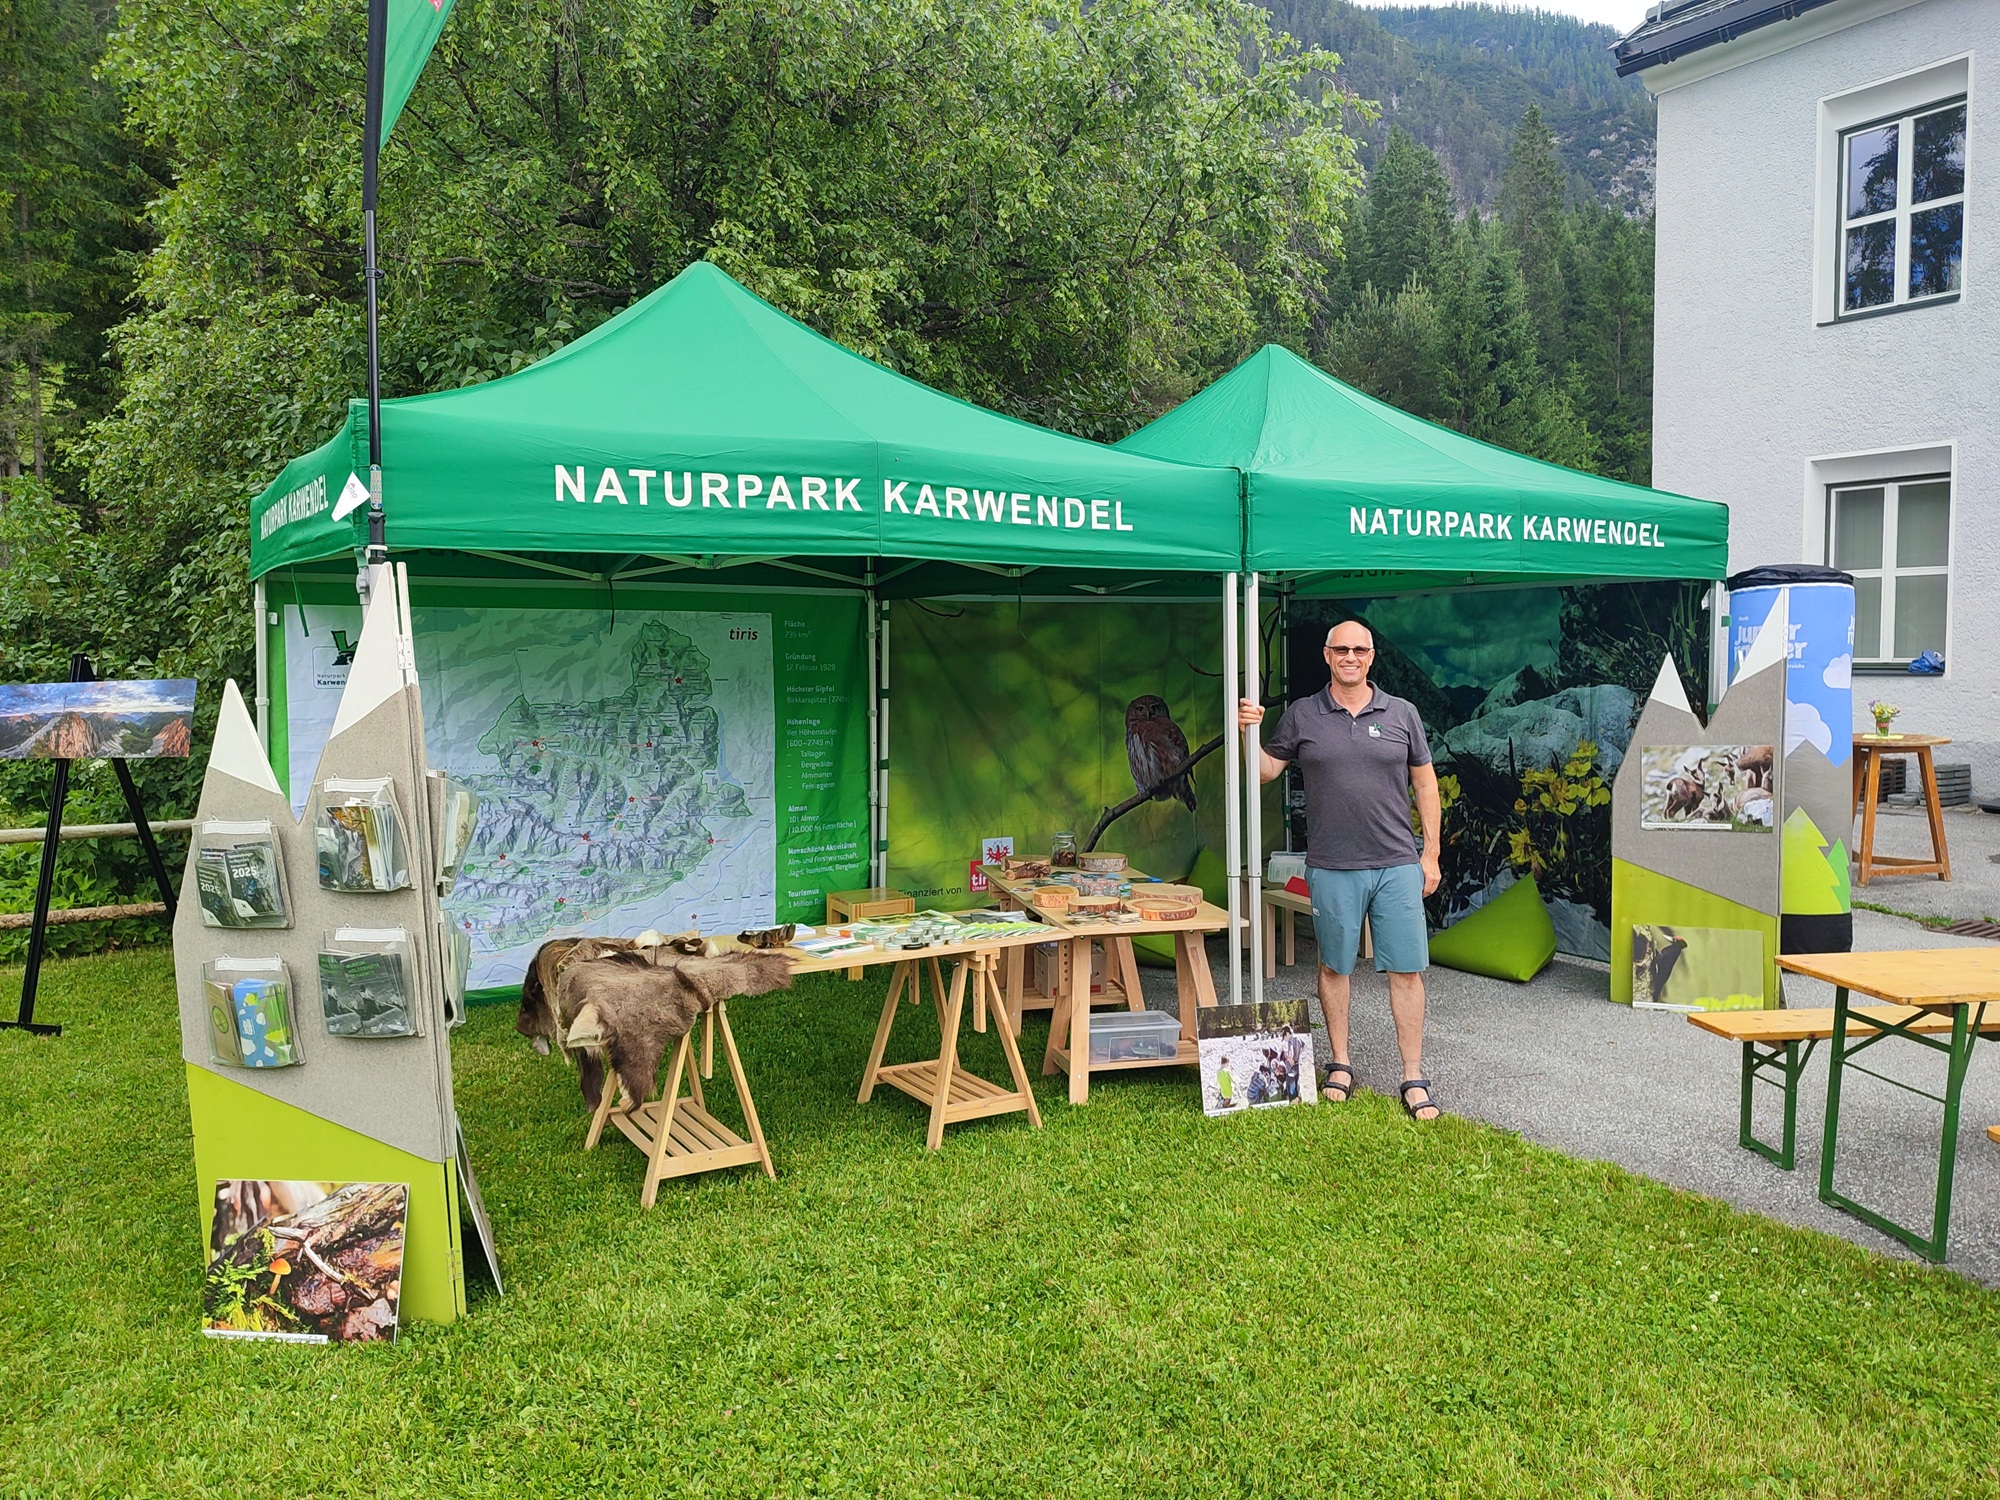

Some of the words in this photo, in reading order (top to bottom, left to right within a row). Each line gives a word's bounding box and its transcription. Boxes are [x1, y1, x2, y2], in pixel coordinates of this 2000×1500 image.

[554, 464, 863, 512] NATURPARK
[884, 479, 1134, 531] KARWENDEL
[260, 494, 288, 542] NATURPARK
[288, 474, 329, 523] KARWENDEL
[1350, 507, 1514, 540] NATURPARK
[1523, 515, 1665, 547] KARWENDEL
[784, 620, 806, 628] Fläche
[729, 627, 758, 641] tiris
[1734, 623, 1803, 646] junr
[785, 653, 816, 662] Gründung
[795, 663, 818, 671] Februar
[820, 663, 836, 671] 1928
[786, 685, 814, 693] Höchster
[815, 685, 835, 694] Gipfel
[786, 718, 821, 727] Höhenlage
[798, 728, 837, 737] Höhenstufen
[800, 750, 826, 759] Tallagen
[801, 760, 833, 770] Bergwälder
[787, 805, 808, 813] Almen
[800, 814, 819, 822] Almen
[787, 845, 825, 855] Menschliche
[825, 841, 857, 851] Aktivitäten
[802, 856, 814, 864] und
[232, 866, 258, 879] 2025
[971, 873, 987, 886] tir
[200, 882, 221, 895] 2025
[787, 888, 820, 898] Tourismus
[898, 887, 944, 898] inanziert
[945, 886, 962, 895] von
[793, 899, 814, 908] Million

• • •

• _Required action_
Each line above is to be duplicated exactly, and the pictures are to be omitted.

• _Your response_
Some of the words in this photo, in reading order (top to bottom, left to right within a row). Each line gives a word's bounding box and its transcription. Boxes are [x1, y1, x2, y2], in pixel coordinates of this 2000×1500 image.

[554, 464, 863, 512] NATURPARK
[884, 479, 1134, 531] KARWENDEL
[260, 494, 288, 542] NATURPARK
[288, 474, 329, 523] KARWENDEL
[1350, 507, 1514, 540] NATURPARK
[1523, 515, 1665, 547] KARWENDEL
[784, 620, 806, 628] Fläche
[729, 627, 758, 641] tiris
[1734, 623, 1803, 646] junr
[785, 653, 816, 662] Gründung
[795, 663, 818, 671] Februar
[820, 663, 836, 671] 1928
[786, 685, 814, 693] Höchster
[815, 685, 835, 694] Gipfel
[786, 718, 821, 727] Höhenlage
[798, 728, 837, 737] Höhenstufen
[800, 750, 826, 759] Tallagen
[801, 760, 833, 770] Bergwälder
[787, 805, 808, 813] Almen
[800, 814, 819, 822] Almen
[787, 845, 825, 855] Menschliche
[825, 841, 857, 851] Aktivitäten
[802, 856, 814, 864] und
[232, 866, 258, 879] 2025
[971, 873, 987, 886] tir
[200, 882, 221, 895] 2025
[787, 888, 820, 898] Tourismus
[898, 887, 944, 898] inanziert
[945, 886, 962, 895] von
[793, 899, 814, 908] Million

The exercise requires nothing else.